Word for word, write the lines below out again, with no pictures.

☆ ☆ ☆ ☆ ☆

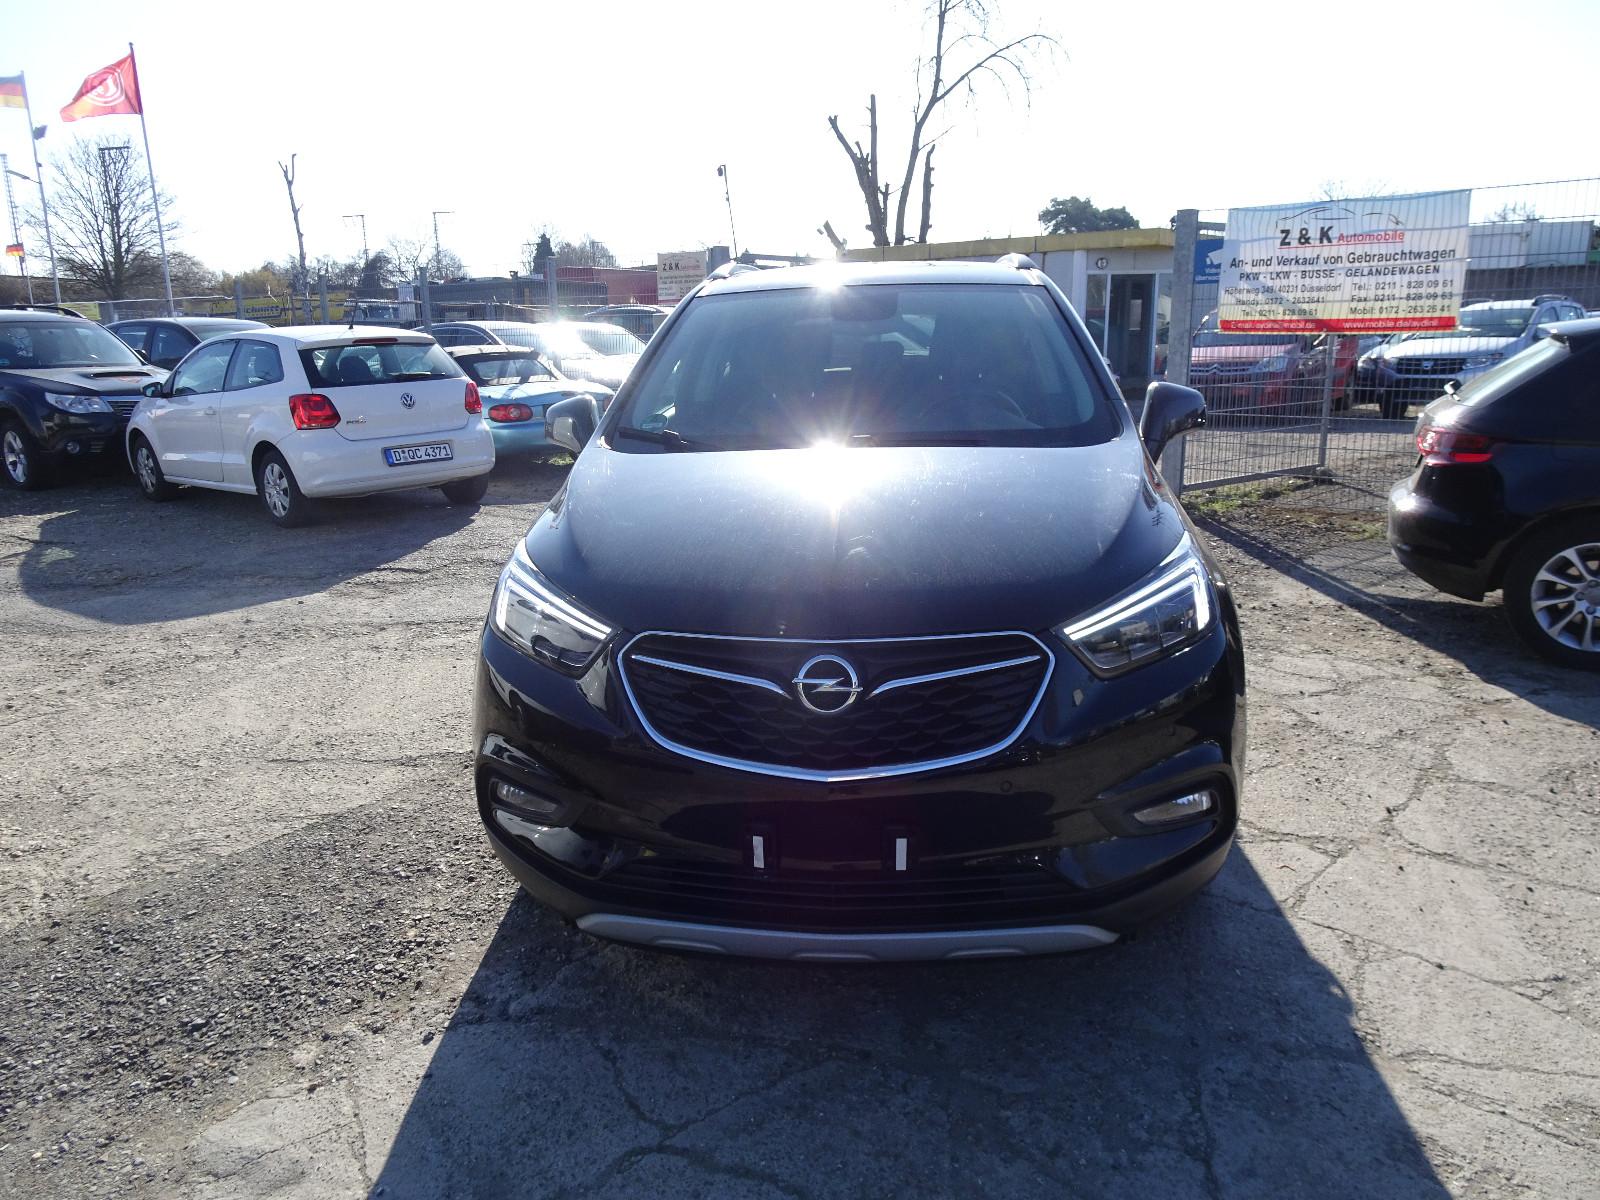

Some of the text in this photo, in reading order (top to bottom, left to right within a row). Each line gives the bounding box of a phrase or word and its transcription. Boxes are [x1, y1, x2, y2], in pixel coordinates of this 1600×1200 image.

[1280, 225, 1405, 246] Z & K Automobile
[1230, 249, 1456, 269] An- und Verkauf von Gebrauchtwagen
[1240, 272, 1260, 281] PKW
[1269, 271, 1291, 280] LKW
[1301, 269, 1335, 279] BUSSE
[1374, 281, 1397, 290] 0211
[1426, 280, 1439, 288] 09
[424, 446, 450, 457] 4371
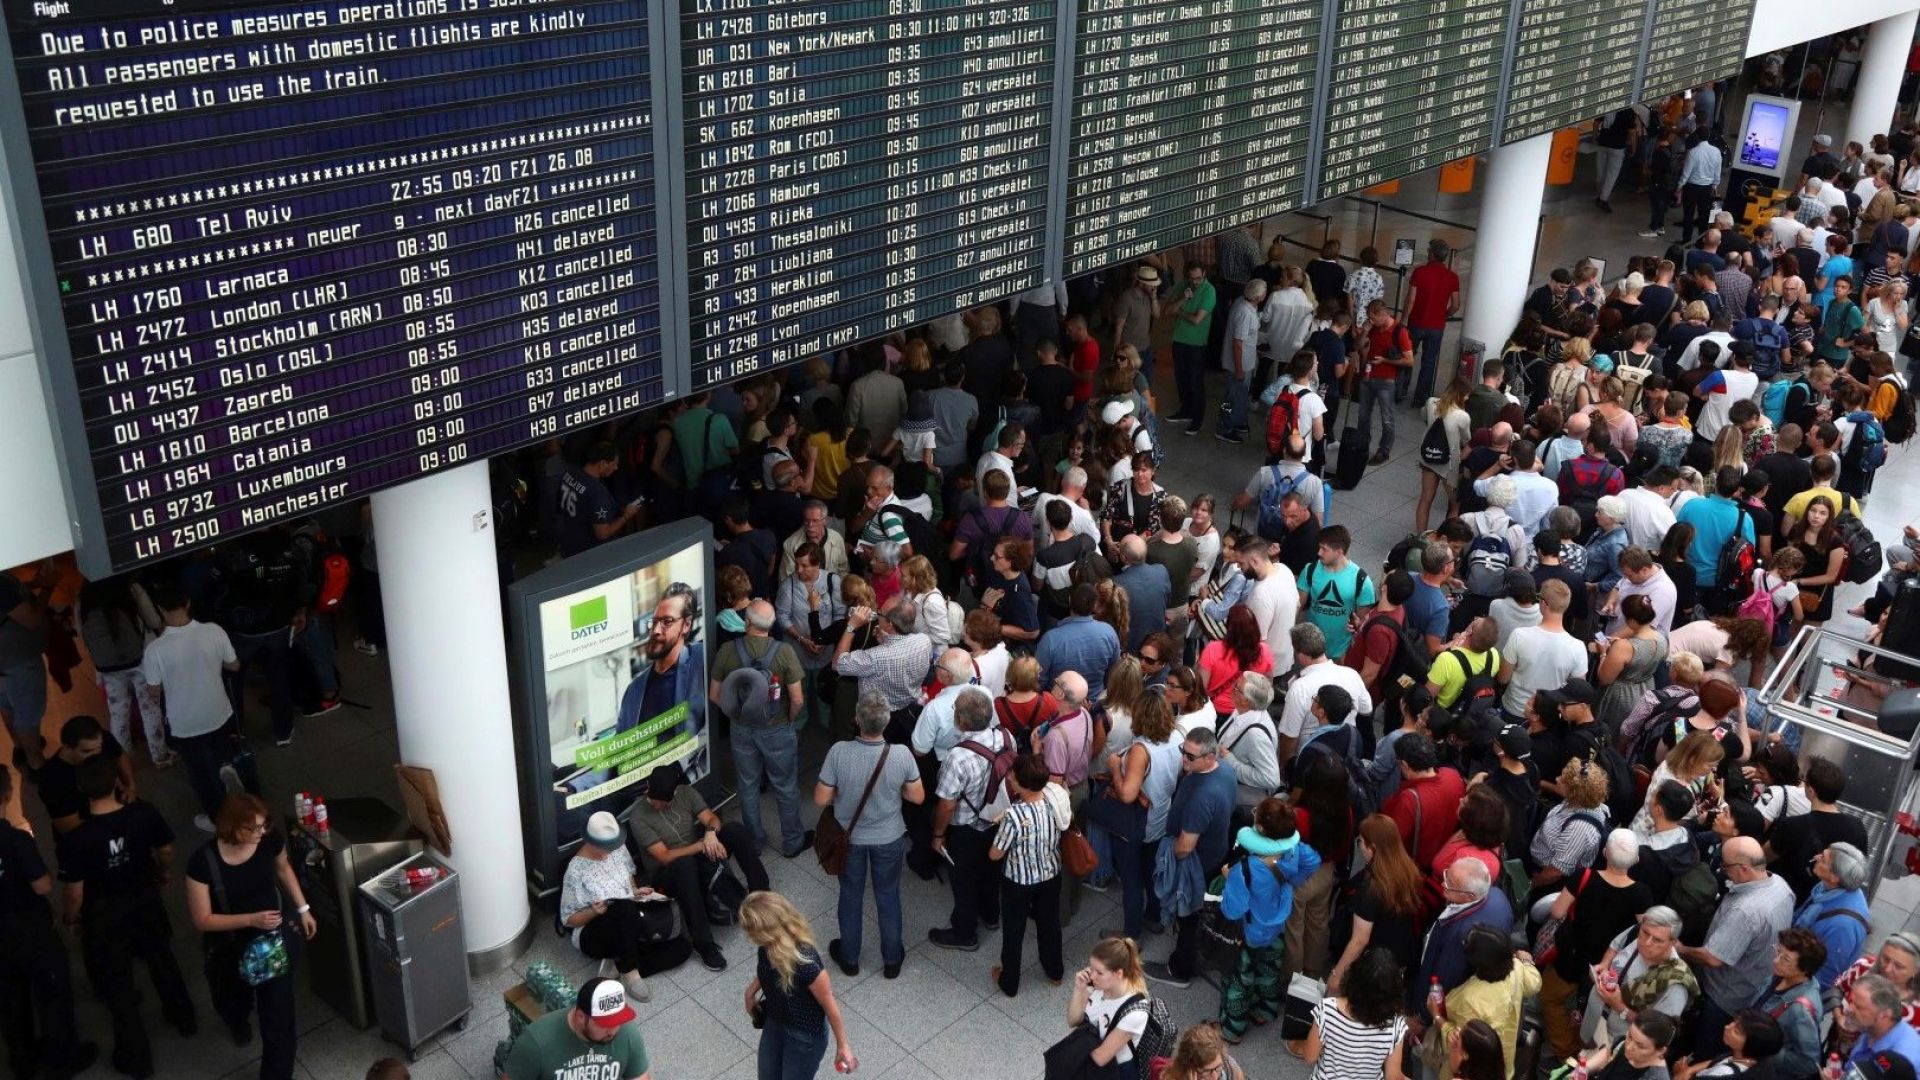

☆ ☆ ☆ ☆ ☆

Task result
Some of the text in this photo, in reading order (top to bottom, left to right within a row). Each line gives the bounding box of a phrase or word and its transcription. Boxes are [x1, y1, x2, y2], in pixel coordinates of this 1600×1200 image.

[1280, 225, 1405, 246] Z & K Automobile
[1230, 249, 1456, 269] An- und Verkauf von Gebrauchtwagen
[1240, 272, 1260, 281] PKW
[1269, 271, 1291, 280] LKW
[1301, 269, 1335, 279] BUSSE
[1374, 281, 1397, 290] 0211
[1426, 280, 1439, 288] 09
[424, 446, 450, 457] 4371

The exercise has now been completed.